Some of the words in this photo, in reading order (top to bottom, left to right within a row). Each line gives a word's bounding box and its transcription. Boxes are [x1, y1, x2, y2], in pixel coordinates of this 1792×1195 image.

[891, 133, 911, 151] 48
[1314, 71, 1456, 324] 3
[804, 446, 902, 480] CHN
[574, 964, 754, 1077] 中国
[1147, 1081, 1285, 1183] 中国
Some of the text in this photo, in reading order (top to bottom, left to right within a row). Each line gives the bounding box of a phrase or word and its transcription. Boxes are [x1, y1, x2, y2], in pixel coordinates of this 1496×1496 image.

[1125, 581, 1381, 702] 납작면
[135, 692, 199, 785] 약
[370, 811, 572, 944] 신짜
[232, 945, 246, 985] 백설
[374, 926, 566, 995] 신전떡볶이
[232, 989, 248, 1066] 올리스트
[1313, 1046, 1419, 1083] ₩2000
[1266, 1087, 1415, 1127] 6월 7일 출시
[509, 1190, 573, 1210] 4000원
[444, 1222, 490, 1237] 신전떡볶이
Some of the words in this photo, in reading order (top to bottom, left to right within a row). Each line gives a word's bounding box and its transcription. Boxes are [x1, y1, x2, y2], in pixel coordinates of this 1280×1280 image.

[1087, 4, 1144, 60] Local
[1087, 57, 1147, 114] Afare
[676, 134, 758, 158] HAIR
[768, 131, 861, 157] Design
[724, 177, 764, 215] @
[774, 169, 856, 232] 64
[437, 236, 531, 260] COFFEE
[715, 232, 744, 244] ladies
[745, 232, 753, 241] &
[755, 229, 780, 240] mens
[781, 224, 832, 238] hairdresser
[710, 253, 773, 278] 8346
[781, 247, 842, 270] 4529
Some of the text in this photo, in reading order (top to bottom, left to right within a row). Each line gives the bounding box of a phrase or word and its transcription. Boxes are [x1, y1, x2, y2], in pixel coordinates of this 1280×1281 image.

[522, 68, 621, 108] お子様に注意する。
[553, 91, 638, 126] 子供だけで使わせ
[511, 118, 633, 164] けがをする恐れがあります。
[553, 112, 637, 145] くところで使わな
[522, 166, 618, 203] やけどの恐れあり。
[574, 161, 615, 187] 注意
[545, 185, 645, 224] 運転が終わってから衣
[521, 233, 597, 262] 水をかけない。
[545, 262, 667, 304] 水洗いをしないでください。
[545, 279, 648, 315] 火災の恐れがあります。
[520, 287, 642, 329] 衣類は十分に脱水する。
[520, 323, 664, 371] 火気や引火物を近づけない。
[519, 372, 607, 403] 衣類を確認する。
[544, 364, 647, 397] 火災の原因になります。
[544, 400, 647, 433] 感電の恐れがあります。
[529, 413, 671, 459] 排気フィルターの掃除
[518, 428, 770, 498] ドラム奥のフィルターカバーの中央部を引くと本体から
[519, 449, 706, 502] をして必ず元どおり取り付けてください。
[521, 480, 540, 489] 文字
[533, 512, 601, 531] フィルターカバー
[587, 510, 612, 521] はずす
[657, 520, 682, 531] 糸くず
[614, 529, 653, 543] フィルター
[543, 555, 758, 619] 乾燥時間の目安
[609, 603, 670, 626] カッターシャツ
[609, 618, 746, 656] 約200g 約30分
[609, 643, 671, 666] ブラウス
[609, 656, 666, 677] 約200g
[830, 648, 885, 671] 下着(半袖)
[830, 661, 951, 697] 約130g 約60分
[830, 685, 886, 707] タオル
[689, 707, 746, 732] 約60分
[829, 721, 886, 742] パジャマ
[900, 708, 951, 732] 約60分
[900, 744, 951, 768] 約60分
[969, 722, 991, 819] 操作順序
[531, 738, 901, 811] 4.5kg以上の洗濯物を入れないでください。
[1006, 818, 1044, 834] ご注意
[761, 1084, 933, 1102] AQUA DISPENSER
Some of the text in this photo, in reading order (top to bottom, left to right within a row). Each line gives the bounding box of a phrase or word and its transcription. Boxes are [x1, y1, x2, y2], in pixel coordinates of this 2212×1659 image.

● ● ● ●

* Exercise objective *
Only the line that contains "this 1280×1281 image." and the lines after it, through the end of the data above, are to be repeated exactly.

* Solution for this exercise *
Some of the text in this photo, in reading order (top to bottom, left to right within a row). Each line gives the bounding box of a phrase or word and its transcription. Boxes are [x1, y1, x2, y2], in pixel coordinates of this 1280×1281 image.

[522, 68, 621, 108] お子様に注意する。
[553, 91, 638, 126] 子供だけで使わせ
[511, 118, 633, 164] けがをする恐れがあります。
[553, 112, 637, 145] くところで使わな
[522, 166, 618, 203] やけどの恐れあり。
[574, 161, 615, 187] 注意
[545, 185, 645, 224] 運転が終わってから衣
[521, 233, 597, 262] 水をかけない。
[545, 262, 667, 304] 水洗いをしないでください。
[545, 279, 648, 315] 火災の恐れがあります。
[520, 287, 642, 329] 衣類は十分に脱水する。
[520, 323, 664, 371] 火気や引火物を近づけない。
[519, 372, 607, 403] 衣類を確認する。
[544, 364, 647, 397] 火災の原因になります。
[544, 400, 647, 433] 感電の恐れがあります。
[529, 413, 671, 459] 排気フィルターの掃除
[518, 428, 770, 498] ドラム奥のフィルターカバーの中央部を引くと本体から
[519, 449, 706, 502] をして必ず元どおり取り付けてください。
[521, 480, 540, 489] 文字
[533, 512, 601, 531] フィルターカバー
[587, 510, 612, 521] はずす
[657, 520, 682, 531] 糸くず
[614, 529, 653, 543] フィルター
[543, 555, 758, 619] 乾燥時間の目安
[609, 603, 670, 626] カッターシャツ
[609, 618, 746, 656] 約200g 約30分
[609, 643, 671, 666] ブラウス
[609, 656, 666, 677] 約200g
[830, 648, 885, 671] 下着(半袖)
[830, 661, 951, 697] 約130g 約60分
[830, 685, 886, 707] タオル
[689, 707, 746, 732] 約60分
[829, 721, 886, 742] パジャマ
[900, 708, 951, 732] 約60分
[900, 744, 951, 768] 約60分
[969, 722, 991, 819] 操作順序
[531, 738, 901, 811] 4.5kg以上の洗濯物を入れないでください。
[1006, 818, 1044, 834] ご注意
[761, 1084, 933, 1102] AQUA DISPENSER
Some of the text in this photo, in reading order (top to bottom, left to right within a row). Each line gives the bounding box of a phrase or word and its transcription. Boxes are [x1, y1, x2, y2], in pixel coordinates of this 2212×1659 image.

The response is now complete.